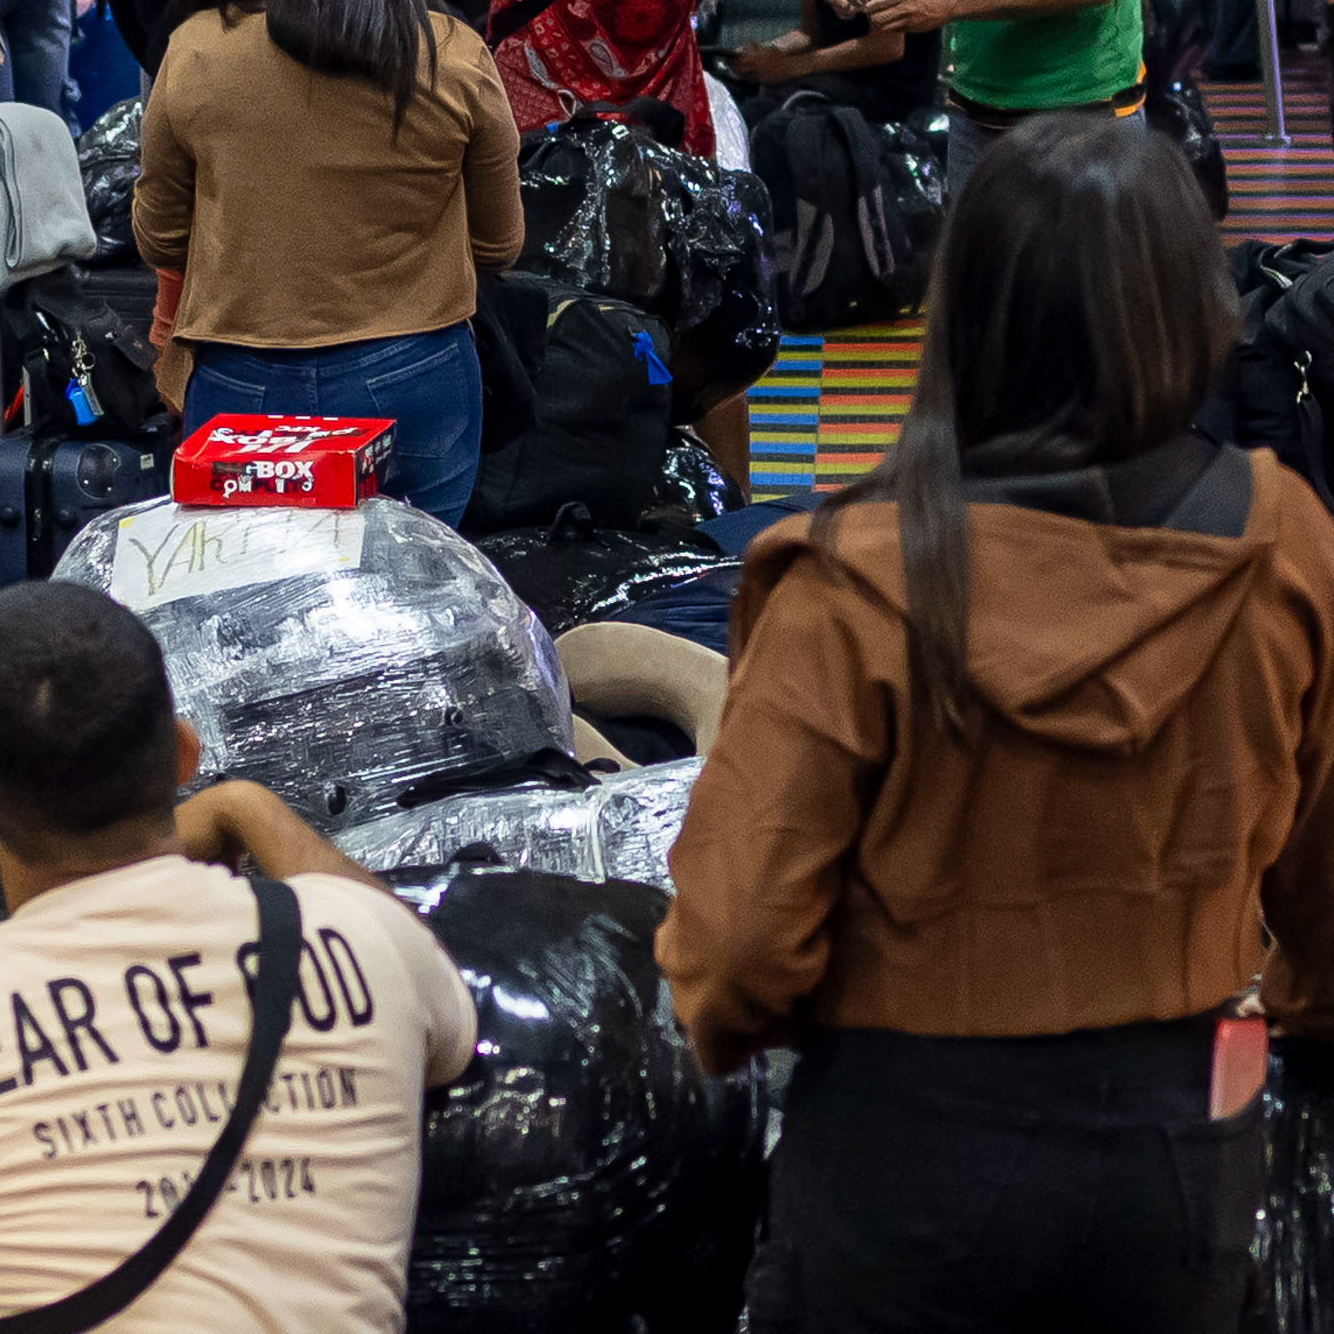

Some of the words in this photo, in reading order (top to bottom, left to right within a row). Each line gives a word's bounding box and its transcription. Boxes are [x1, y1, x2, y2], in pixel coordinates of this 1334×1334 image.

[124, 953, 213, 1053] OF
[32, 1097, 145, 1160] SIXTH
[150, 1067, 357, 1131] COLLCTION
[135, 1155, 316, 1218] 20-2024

+++

Once the pictures are removed, return the entries exactly as they stand.

Some of the words in this photo, in reading order (top to bottom, left to right within a row). Each line gives a word's bounding box and its transcription. Boxes are [x1, y1, x2, y2], in pixel coordinates of this 1334×1334 image.

[124, 953, 213, 1053] OF
[32, 1097, 145, 1160] SIXTH
[150, 1067, 357, 1131] COLLCTION
[135, 1155, 316, 1218] 20-2024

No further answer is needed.